EXERCISE DIRECTIONS
Leave the pictures out and print every record below exactly as it stands.

======== DATA FOR PROCESSING ========

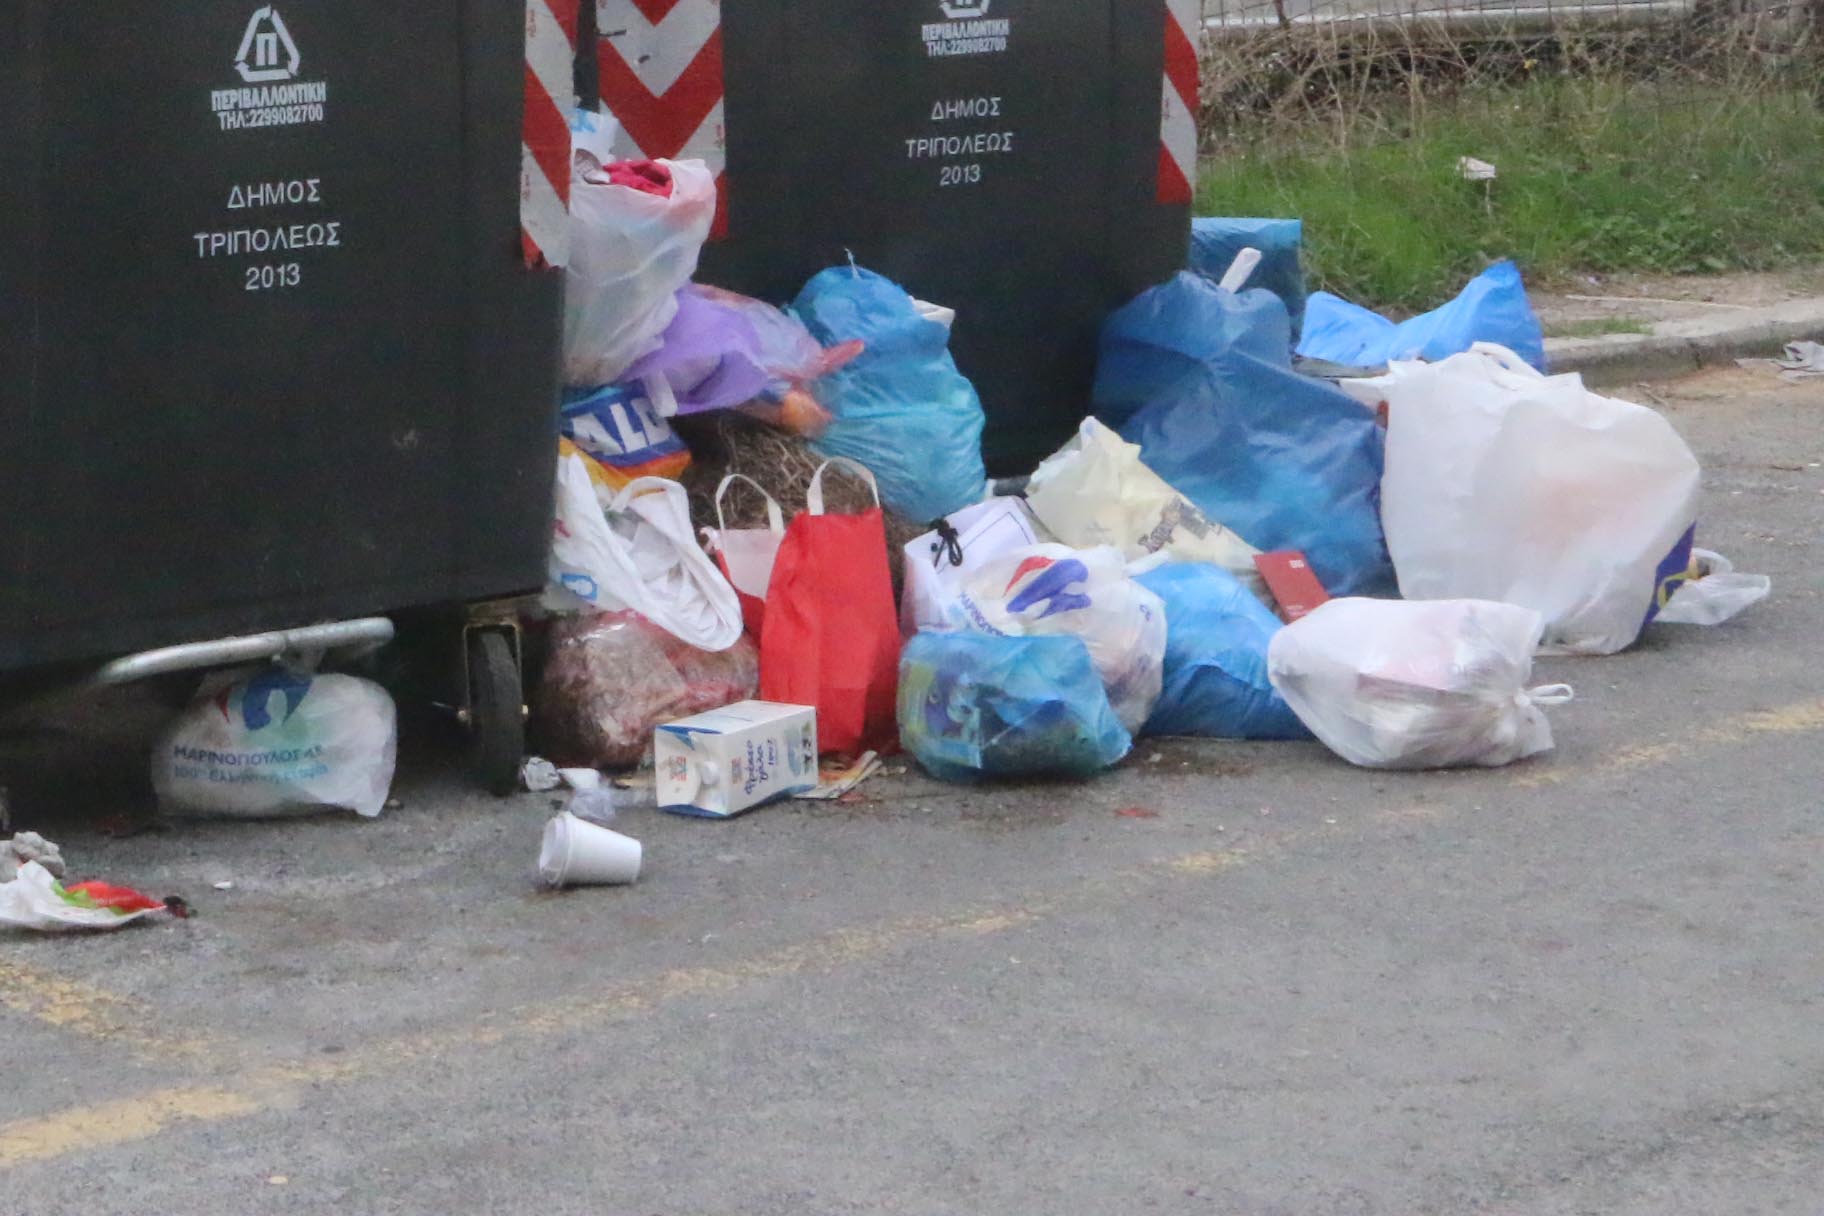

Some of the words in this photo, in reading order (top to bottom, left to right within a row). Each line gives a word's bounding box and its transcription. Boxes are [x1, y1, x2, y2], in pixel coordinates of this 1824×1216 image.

[211, 81, 326, 112] ΠΕΡΙΒΑΛΛΟΝΤΙΚΗ
[931, 97, 1001, 120] ΔΗΜΟΣ
[905, 132, 1014, 159] ΤΡΙΠΟΛΕΩΣ
[940, 164, 981, 186] 2013
[227, 179, 321, 208] ΔΗΜΟΣ
[193, 222, 340, 259] ΤΡΙΠΟΛΕΩΣ
[245, 263, 301, 290] 2013

========

OUTPUT OF THE EXERCISE
Some of the words in this photo, in reading order (top to bottom, left to right within a row). Each line gives a word's bounding box and its transcription. Boxes are [x1, y1, x2, y2], in pixel coordinates of this 1824×1216 image.

[211, 81, 326, 112] ΠΕΡΙΒΑΛΛΟΝΤΙΚΗ
[931, 97, 1001, 120] ΔΗΜΟΣ
[905, 132, 1014, 159] ΤΡΙΠΟΛΕΩΣ
[940, 164, 981, 186] 2013
[227, 179, 321, 208] ΔΗΜΟΣ
[193, 222, 340, 259] ΤΡΙΠΟΛΕΩΣ
[245, 263, 301, 290] 2013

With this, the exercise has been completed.